Come sta cambiando il settore agroalimentare, e cosa devi fare per sopravvivere

Giu 11th, 2016 | Di Altri | Categoria: Editoriale


Giovanni è un piccolo imprenditore nel settore agroalimentare.

Produce una lunga lista di prodotti ortofrutticoli e derivati, di buona qualità e prezzo medio, che poi vende a grossisti ed a qualche catena della Grande Distribuzione.

Ogni giorno, si sveglia ed ha un mucchio di problemi da risolvere: gestire la produzione, verificare cosa fanno i suoi dipendenti, assicurarsi che i clienti lo paghino in tempo, e tante altre cose.

Giovanni non ha molto tempo per riflettere su quello che sta succedendo nel settore agroalimentare.

D’altronde come potrebbe fare, con un’intera azienda da gestire!

E poi, la crisi.

Si, la crisi sta colpendo anche l’azienda di Giovanni, che fa sempre più fatica a mantenere stabili i livelli delle vendite.

Alcuni clienti chiudono, altri acquistano sempre meno.

Però, pensa Giovanni, la crisi finirà, e la gente smetterà di cercare solo i prodotti agroalimentari che costano meno!

Eppure, oggi, Giovanni legge su un giornale una cosa che lo stupisce moltissimo.

Da una parte, scrive il quotidiano preferito di Giovanni, nella pagina economica, il segmento dei prodotti biologici, notoriamente venduti a prezzi più alti dei loro concorrenti convenzionali, è in netta crescita nel 2014.

Dall’altra, le marche private (quelle dei supermercati) calano, ma non quelle che propongono prodotti “premium” oppure biologici.

“Ma come”, viene da pensare a Giovanni, “non siamo in un momento di crisi?”

“Un momento in cui le famiglie tirano la cinghia e tendono a risparmiare sulla spesa, e quindi comprano sempre meno i miei prodotti?

Com’è possibile che gli unici segmenti di mercato che crescono siano quelli dei prodotti più cari?

Vuoi forse vedere che la crisi esiste solo per me?”

In realtà, la situazione non è così strana come sembra, e Giovanni non dovrebbe stupirsi così tanto.

Il settore agroalimentare sta cambiando, e forse Giovanni, preso così tanto dal suo operare quotidiano, non se ne è reso conto.

Da anni, in effetti, si assiste ad un processo di progressiva polarizzazione dei consumi.

Crescono i prodotti top, premium, quelli che offrono un valore speciale ai consumatori: a livello di prodotto, di gusto, di attributi o di caratteristiche.

E crescono anche i prodotti a prezzo più basso (che, a loro modo, offrono anch’essi un valore speciale a chi fa la spesa: appunto, il prezzo basso).

Tutto quello che è nel mezzo (come , purtroppo, i prodotti di Giovanni) rimane schiacciato tra i due poli.

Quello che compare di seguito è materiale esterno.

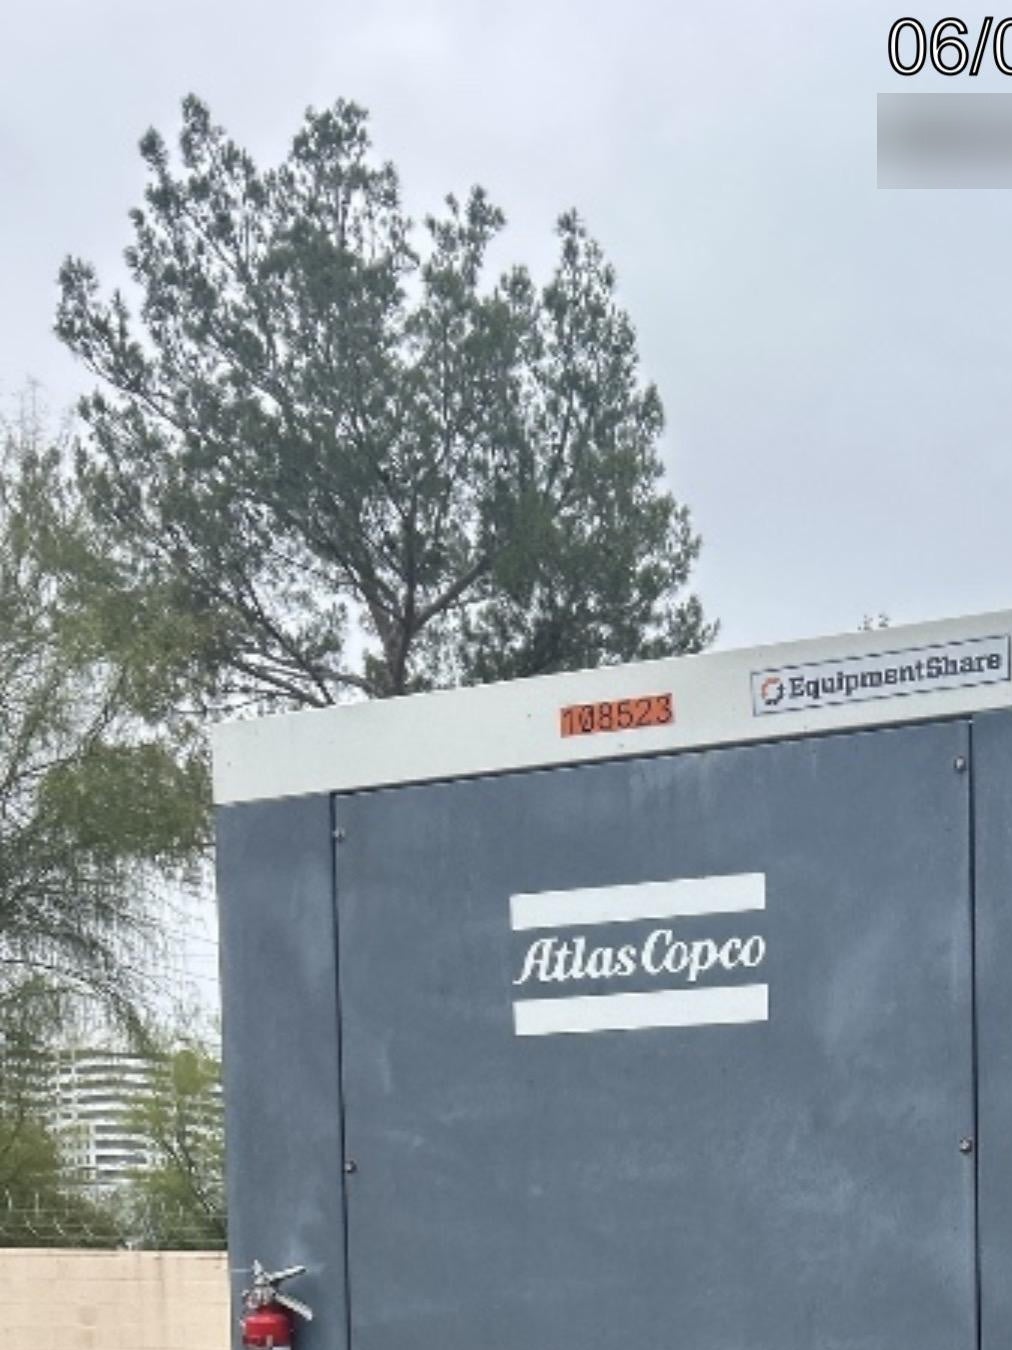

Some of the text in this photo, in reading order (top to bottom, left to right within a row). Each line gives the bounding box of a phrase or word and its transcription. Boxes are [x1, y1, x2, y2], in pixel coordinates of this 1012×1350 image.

Questa dinamica di fondo poi, ovviamente, viene amplificata e smorzata ogni anno dalle tattiche messe in atto da industria e distribuzione.

Ma il trend di fondo rimane, e non resta che prenderne atto: il mercato agroalimentare si sta sempre più polarizzando.

Come può, dunque, muoversi in questo scenario un’impresa agroalimentare?

Per riuscire a crescere, ogni azienda deve ricorrere ancora di più alle basi del marketing: analizzare i consumatori e sviluppare marche e prodotti capaci di fornire sempre più valore a chi compra.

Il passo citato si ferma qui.